U.S. 1Q GDP Decline Lessened, Yet Two-Quarter Drop Rivals 1958 Stats; Profits Recovered Modestly 
by Tom Moeller May 29 2009

Last quarter, economic weakness in the U.S. was not quite as severe as reported initially by the Commerce Department. The latest estimate of a 5.7% (AR) drop in real GDP compares to the advance estimate of a 6.1% decline and the revision about matched Consensus expectations. Nevertheless, combined with the 6.3% drop during 4Q '08 the GDP declines were still the worst since early-1958.

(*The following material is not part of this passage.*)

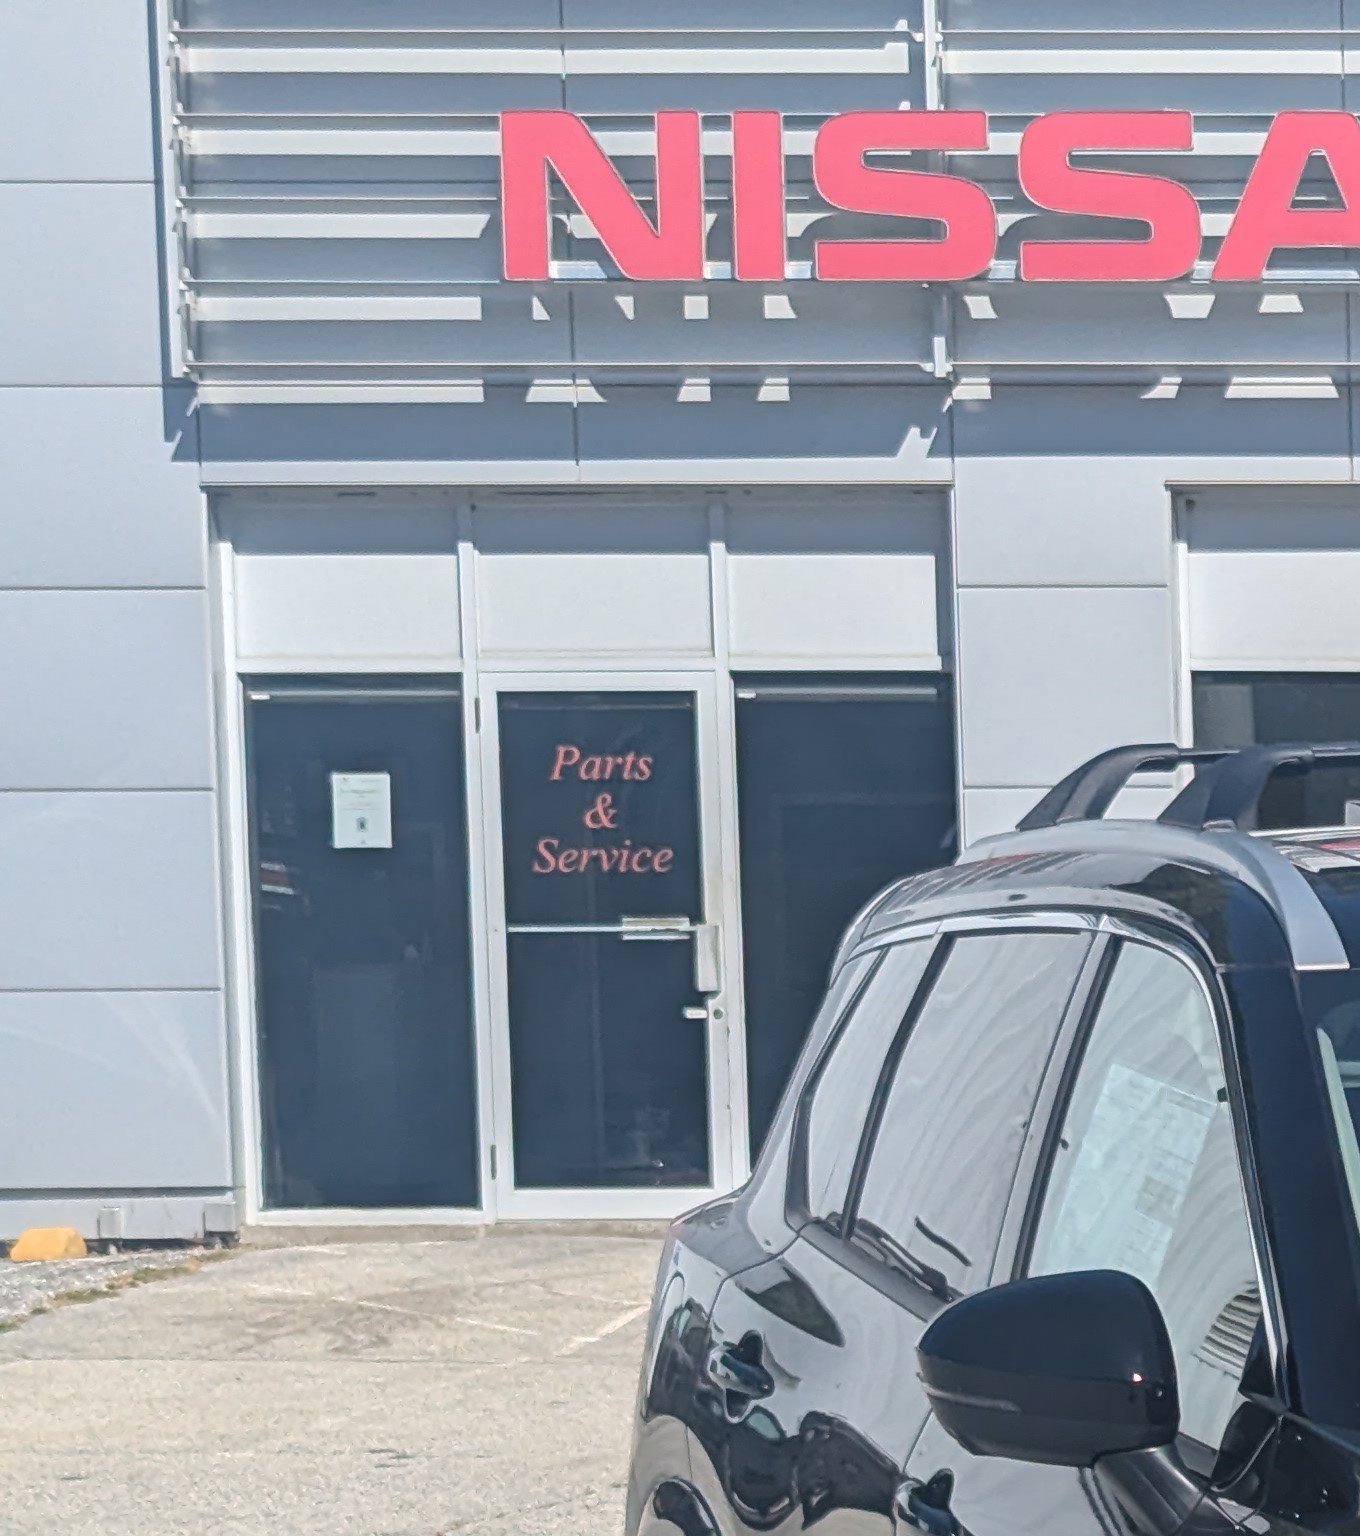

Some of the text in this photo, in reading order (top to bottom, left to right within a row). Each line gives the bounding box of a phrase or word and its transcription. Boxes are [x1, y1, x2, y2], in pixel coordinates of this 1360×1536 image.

[549, 744, 653, 783] Parts
[584, 793, 617, 830] &
[532, 839, 674, 874] Service

As the financial sector recovered from its fourth quarter swoon, it lifted the overall measure of corporate profitability. Total corporate profits rose 3.4% (-18.0% y/y) last quarter due to a near-doubling (-41.5% y/y) of financial sector earnings. That recovery followed declines in the financial sector during the prior three quarters which had dropped them to nearly one-quarter of the level at the start of 2008. Earnings in the nonfinancial sector countered that 1Q rise with an 8.6% decline (-13.4% y/y) which about matched the 4Q shortfall. Earnings in the foreign sector continued down by 2.3% (-3.0% y/y) as recessions abroad deepened.

The cutback of unwanted levels of inventories still is estimated to have subtracted significantly from GDP growth last quarter, but the estimate was lessened to 2.3 percentage points from 2.8 points. Regardless, the subtraction was the most since the first quarter of 2000 and it rivals the largest negative contribution from inventories since the early-1980s.

Unwanted inventory levels were reduced following the drop-off in real U.S. final sales to domestic purchasers. They fell at a 5.3% rate which was revised slightly from the earlier estimate of a 5.1% decline. Combined with the 4Q '08 decline, final sales to domestic purchasers fell the most since 1958.

The rise in personal consumption expenditures last quarter was lessened to 1.6% (-1.4% y/y) from the initial estimate of a 2.2% increase. This modest increase followed sharp declines during the prior two quarters. Spending on motor vehicles rose moderately during the quarter (-18.7% y/y) after five consecutive down periods. Business fixed investment fell at a 36.9% rate (-16.0% y/y) and residential investment dropped at a 38.7% rate (-23.4% y/y) from 4Q. Both of these declines were significantly deeper than reported initially.

U.S. Household Deleveraging and Future Consumption Growth from the Federal Reserve Bank of San Francisco is available here.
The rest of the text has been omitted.